__WORK TO COMPLETE__: Transcribe the listing verbatim, please, with images dropped.

START DATA FOR THIS EXERCISE

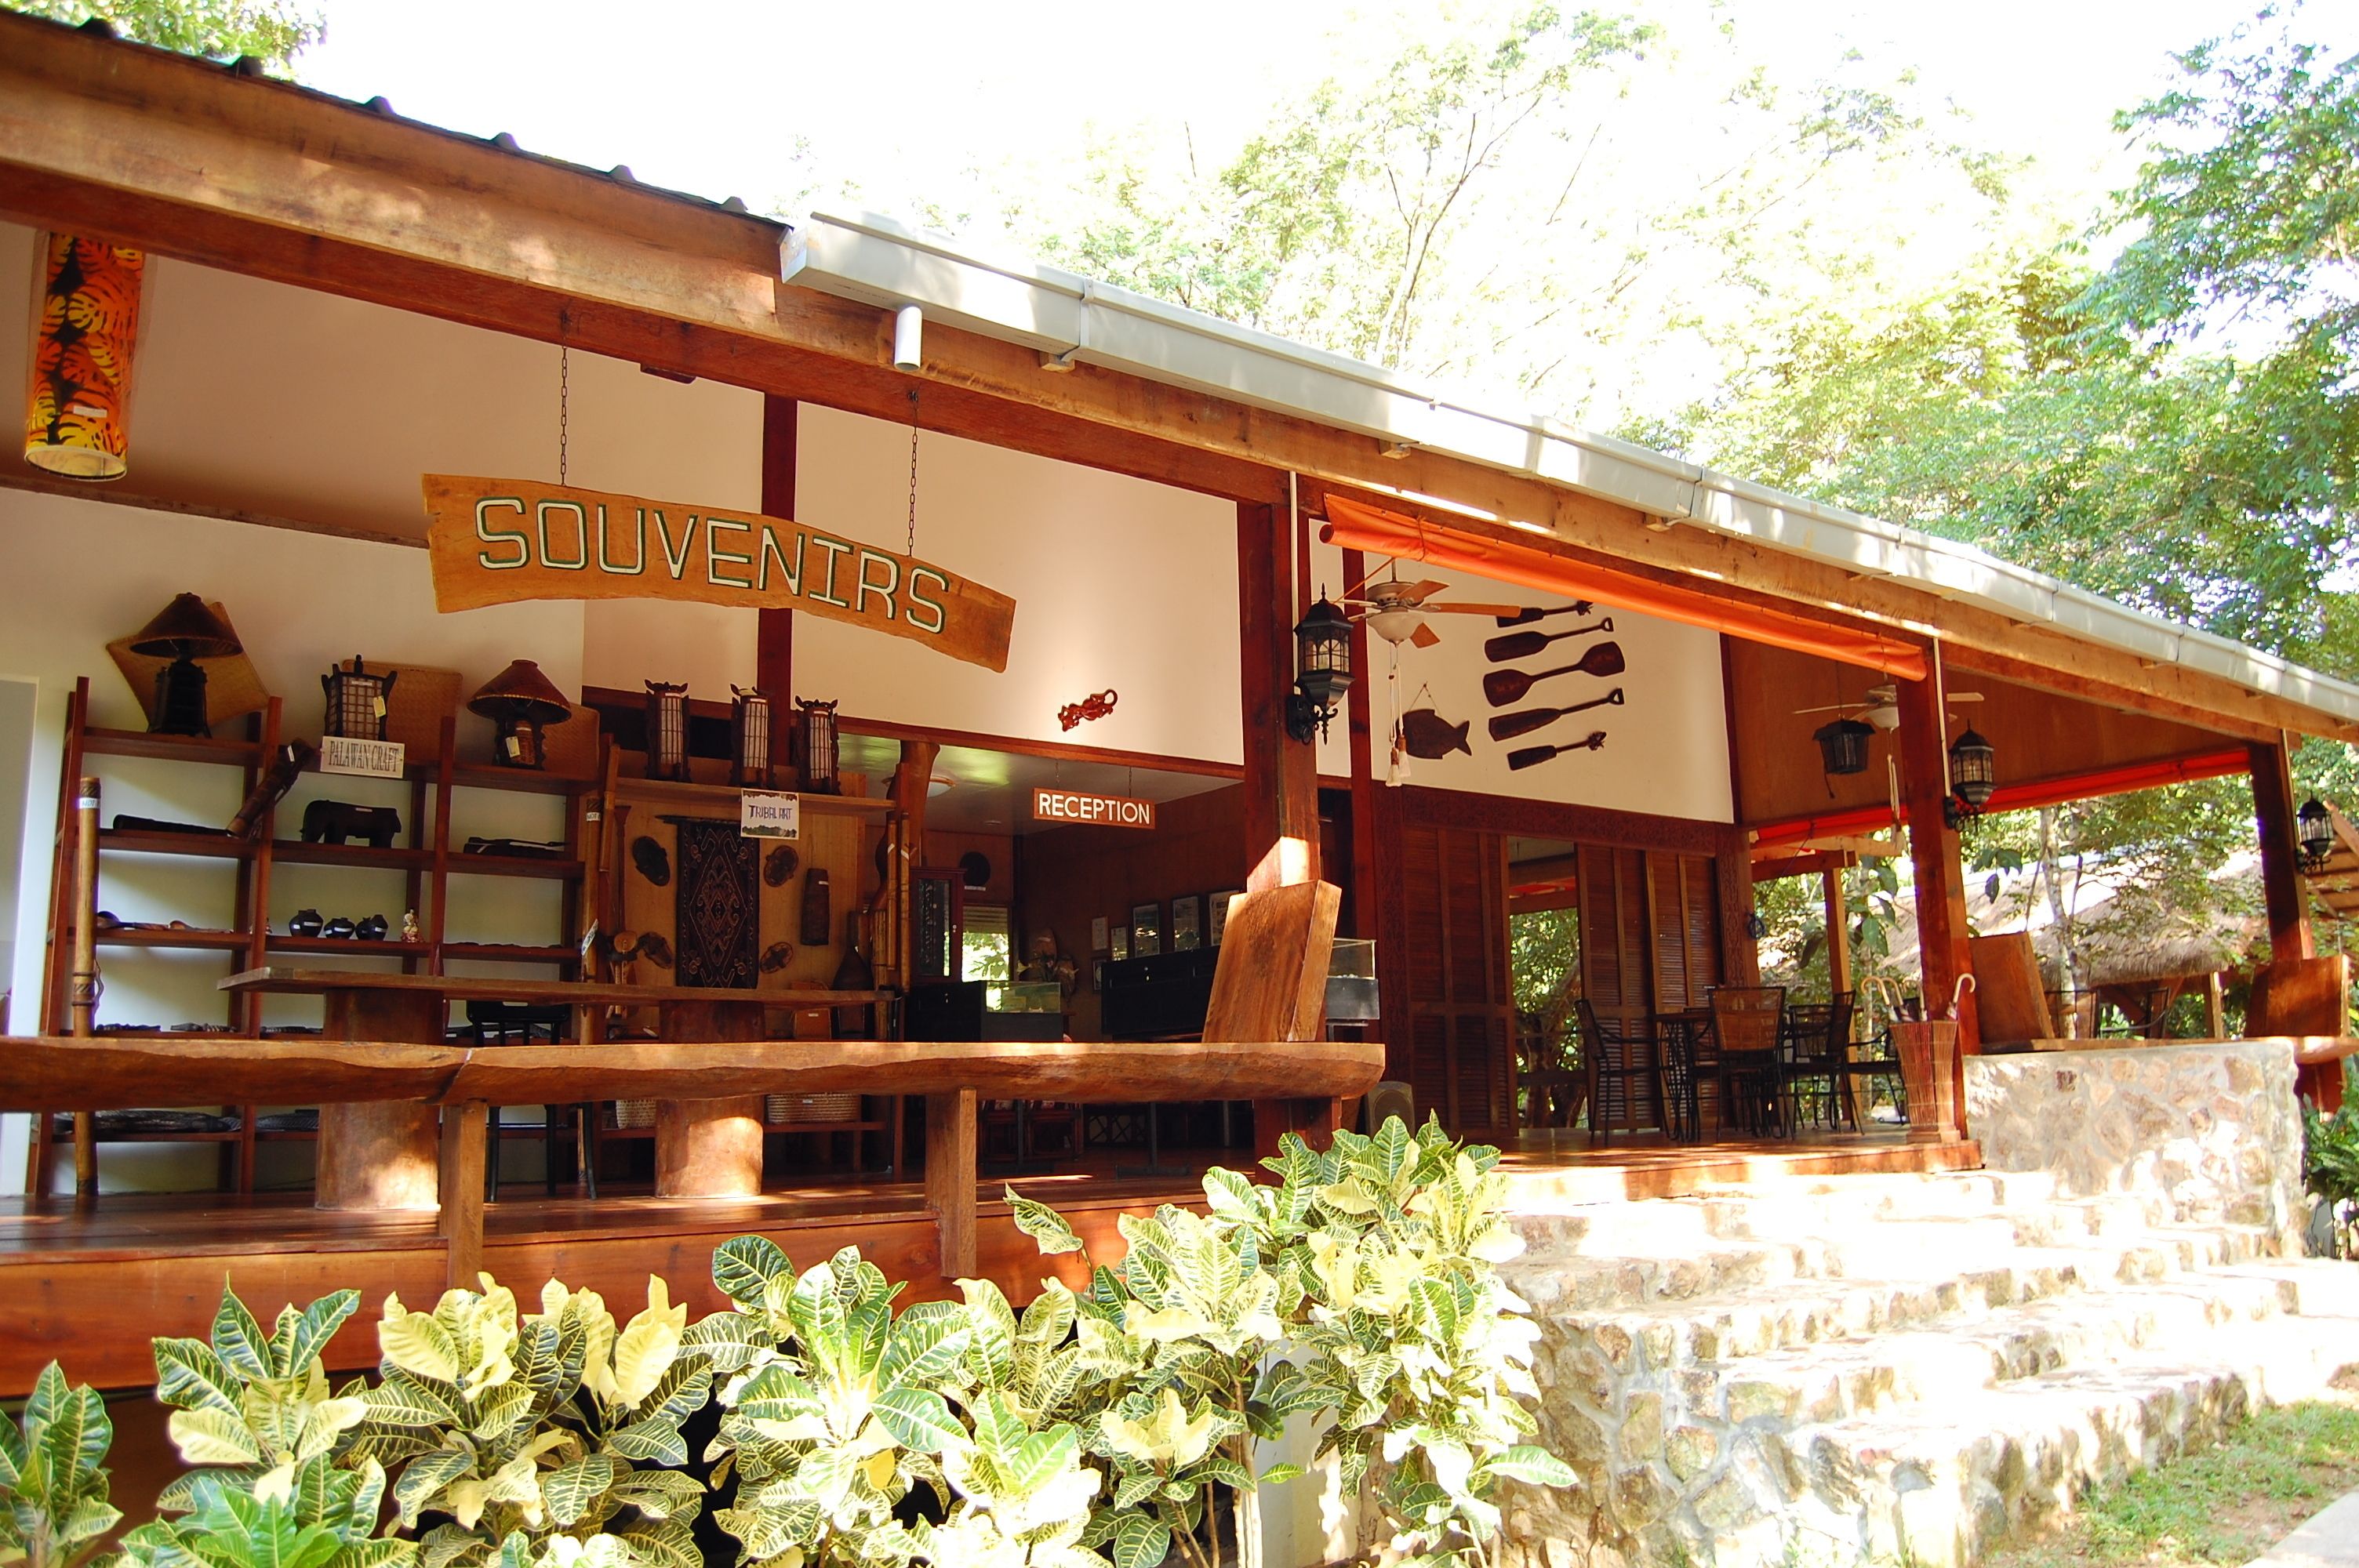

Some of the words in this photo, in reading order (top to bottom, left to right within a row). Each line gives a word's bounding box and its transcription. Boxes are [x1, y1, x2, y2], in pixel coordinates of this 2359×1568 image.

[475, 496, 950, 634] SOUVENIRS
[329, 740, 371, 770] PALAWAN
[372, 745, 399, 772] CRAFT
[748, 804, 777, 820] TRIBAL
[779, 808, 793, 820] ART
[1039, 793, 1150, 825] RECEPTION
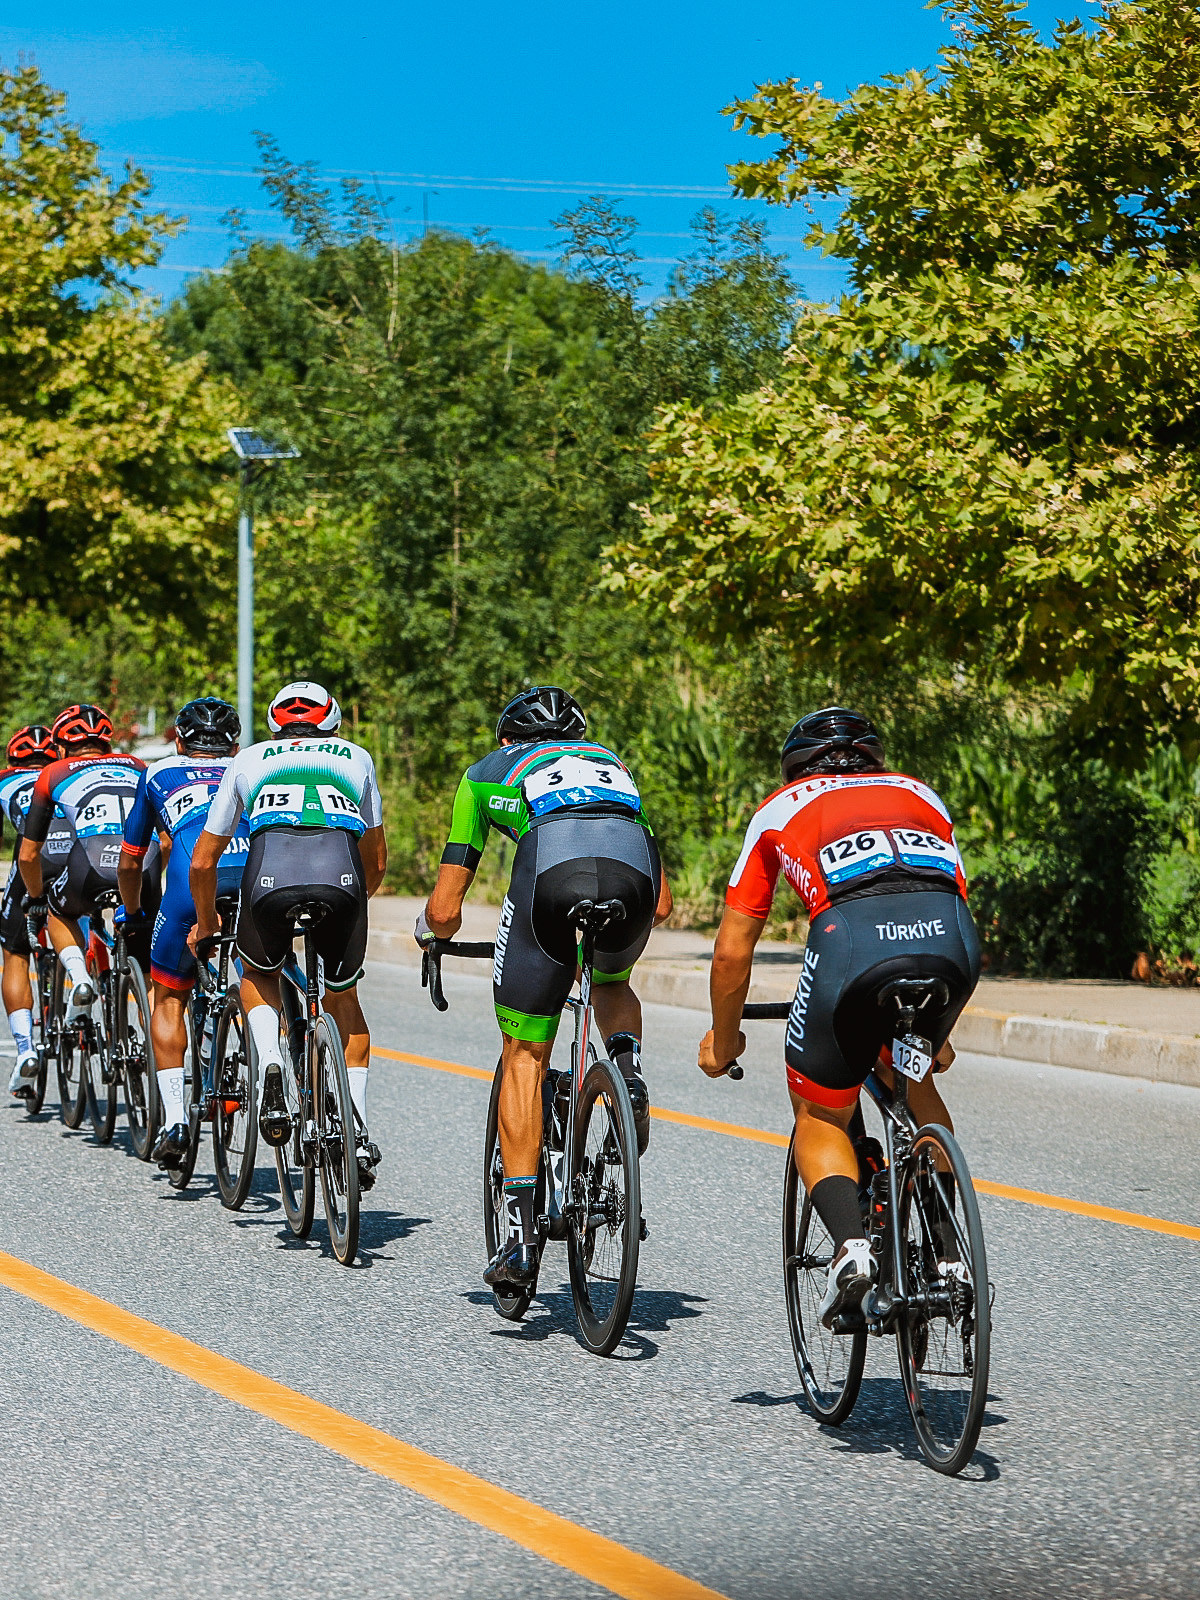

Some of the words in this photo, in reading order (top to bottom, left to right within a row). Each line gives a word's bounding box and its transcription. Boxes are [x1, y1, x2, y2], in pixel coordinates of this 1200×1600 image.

END DATA FOR THIS EXERCISE

__WRITTEN REPLY__:
Some of the words in this photo, in reading order (top to bottom, left to right within a row). Each line gives a word's bounding box and its transcription. Boxes are [x1, y1, x2, y2], in pixel coordinates of this 2359×1568 image.

[475, 496, 950, 634] SOUVENIRS
[329, 740, 371, 770] PALAWAN
[372, 745, 399, 772] CRAFT
[748, 804, 777, 820] TRIBAL
[779, 808, 793, 820] ART
[1039, 793, 1150, 825] RECEPTION

Some of the words in this photo, in reading order (top to bottom, left to right within a row). Each line gives a word's bounding box and its transcription. Boxes are [x1, y1, x2, y2], in pixel coordinates of this 1200×1600 image.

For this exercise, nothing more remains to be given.